C’è la storia politica e sociale dei primi cinquanta anni del Novecento, nelle campagne del ferrarese. La povertà, il lavoro durissimo e malsano dei contadini, la fatica della bonifica manuale delle paludi malariche, la “pellagra” per fame, la guerra con la speranza, al ritorno dalle trincee, di ricevere in dono un pezzo di terra, la delusione e la lotta cruenta contro i padroni, le leghe socialiste, le vendette sociali e l’uso di parte delle istituzioni locali e poi la reazione agraria, spietata e militarizzata, l’utilizzo delle squadracce fasciste che, dallo scontro violento (allora diffuso), passarono all’omicidio, alle stragi, al terrore permanente. Il susseguirsi delle varie fasi, fino alla liberazione di Ferrara nel 1945, passa veloce nelle pagine del romanzo.

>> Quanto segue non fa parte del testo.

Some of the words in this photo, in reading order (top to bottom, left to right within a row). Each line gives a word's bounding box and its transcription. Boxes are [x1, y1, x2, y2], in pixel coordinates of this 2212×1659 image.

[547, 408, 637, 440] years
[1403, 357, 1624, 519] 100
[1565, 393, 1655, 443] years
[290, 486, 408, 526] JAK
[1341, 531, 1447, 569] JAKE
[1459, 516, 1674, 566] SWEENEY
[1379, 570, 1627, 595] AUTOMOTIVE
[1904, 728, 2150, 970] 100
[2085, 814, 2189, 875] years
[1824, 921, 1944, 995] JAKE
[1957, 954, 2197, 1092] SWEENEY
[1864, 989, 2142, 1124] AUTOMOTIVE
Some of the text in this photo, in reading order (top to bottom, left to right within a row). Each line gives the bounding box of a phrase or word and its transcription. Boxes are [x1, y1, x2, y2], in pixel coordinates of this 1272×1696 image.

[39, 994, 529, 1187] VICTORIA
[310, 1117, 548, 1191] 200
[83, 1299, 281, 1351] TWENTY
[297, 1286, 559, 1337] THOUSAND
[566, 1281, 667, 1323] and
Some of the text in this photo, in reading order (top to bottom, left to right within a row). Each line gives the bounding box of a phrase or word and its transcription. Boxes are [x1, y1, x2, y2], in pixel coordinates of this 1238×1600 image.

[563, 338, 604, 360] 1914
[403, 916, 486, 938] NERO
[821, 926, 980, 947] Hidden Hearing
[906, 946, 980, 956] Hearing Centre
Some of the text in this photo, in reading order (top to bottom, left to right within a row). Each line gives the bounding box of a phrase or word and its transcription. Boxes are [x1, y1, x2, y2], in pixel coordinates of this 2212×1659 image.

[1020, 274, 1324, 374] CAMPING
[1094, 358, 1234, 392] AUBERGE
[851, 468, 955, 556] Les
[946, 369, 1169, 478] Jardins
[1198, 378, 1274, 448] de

L’autore, con l’animo, sta dalla parte della libertà e degli oppressi, evitando proclami ideologici, piuttosto toccando con comprensione umana i protagonisti del socialismo in lotta; i quali, come Matteotti, rinunciano consapevolmente alle loro vite private, in nome degli ideali da realizzare con l’impellenza che impone la storia. Semmai, in Franceschini, c’è un disincanto circa la politica prevalentemente istintuale, non abbastanza ragionata, organizzata, lungimirante. Destinata, così, alla sconfitta. Anche per la diffusione negli anni Venti di una insicurezza permanente, alla quale contribuirono le forme di lotta della sinistra, convinta di essere prossima alla vittoria. È un implicito richiamo alla necessità, anche da parte di chi ha ragione, di mantenere la misura e la pietà. Altrimenti il risultato può essere spaventare, senza vincere. Come allora scrisse Luigi Fabbri: “In Italia s’è avuta la contro-rivoluzione senza rivoluzione, una vera e propria contro-rivoluzione preventiva”.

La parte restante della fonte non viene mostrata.